The grim but not unexpected news in Jones Lang LaSalle’s Central London Market Seminar this morning was that office space investment volumes and take up have fallen by a third for the last quarter.
Occupier take up deals for central London office space have fallen by 34%. In a four-year low, only 1.9m square foot of London office space has been let in 100 deals. The demand for office space has decreased by almost 20% and is expected to drop further in the coming months.
Jones Lang LaSalle report that the year to date total take up for office space in the City is 41% behind the same period last year.
Neil Prime, head of office and city agency at Jones Lang LaSalle said: “There will always be a market, it’s just volumes that may vary. The downturn is more severe and longer lasting than previously anticipated so it’s no surprise that we are saying conditions are tough and are getting tougher. As occupiers re-trench in reaction to the global economic climate rents will continue to fall until at least the end of 2010. However, the first signs of a bounceback will be felt in the City, where we expect demand to accelerate in response to a shortage of supply.’
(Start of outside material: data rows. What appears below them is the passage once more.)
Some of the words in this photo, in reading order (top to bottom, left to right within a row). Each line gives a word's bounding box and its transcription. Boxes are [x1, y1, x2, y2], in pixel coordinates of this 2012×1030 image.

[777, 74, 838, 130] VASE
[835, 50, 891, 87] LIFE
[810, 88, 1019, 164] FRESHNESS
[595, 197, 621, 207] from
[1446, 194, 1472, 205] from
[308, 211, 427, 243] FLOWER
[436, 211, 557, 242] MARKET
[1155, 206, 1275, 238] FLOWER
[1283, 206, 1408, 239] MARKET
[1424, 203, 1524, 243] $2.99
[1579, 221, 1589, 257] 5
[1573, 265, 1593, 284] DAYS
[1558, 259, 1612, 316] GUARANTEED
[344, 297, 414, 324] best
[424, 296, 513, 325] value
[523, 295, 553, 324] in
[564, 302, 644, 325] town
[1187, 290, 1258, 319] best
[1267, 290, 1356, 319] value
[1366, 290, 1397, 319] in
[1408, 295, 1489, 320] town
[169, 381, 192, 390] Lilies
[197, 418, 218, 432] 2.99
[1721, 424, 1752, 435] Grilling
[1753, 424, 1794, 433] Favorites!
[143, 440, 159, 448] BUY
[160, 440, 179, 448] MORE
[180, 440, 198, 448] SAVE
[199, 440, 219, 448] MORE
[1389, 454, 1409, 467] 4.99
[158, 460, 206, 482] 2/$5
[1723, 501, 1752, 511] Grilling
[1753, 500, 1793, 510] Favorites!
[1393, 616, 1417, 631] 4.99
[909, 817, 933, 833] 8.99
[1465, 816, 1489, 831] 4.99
Investment in central London office space has also fallen by almost 30% since the last quarter, investment in the City totalled just over £550m in quarter 3 this year, almost 40% less than in quarter 2.
Andrew Hawkins, lead director in the City Investment team at Jones Lang LaSalle said: ‘Banks will dictate the change in market pricing and we will see a turn around in 2009 as forced sales create transparency on pricing.’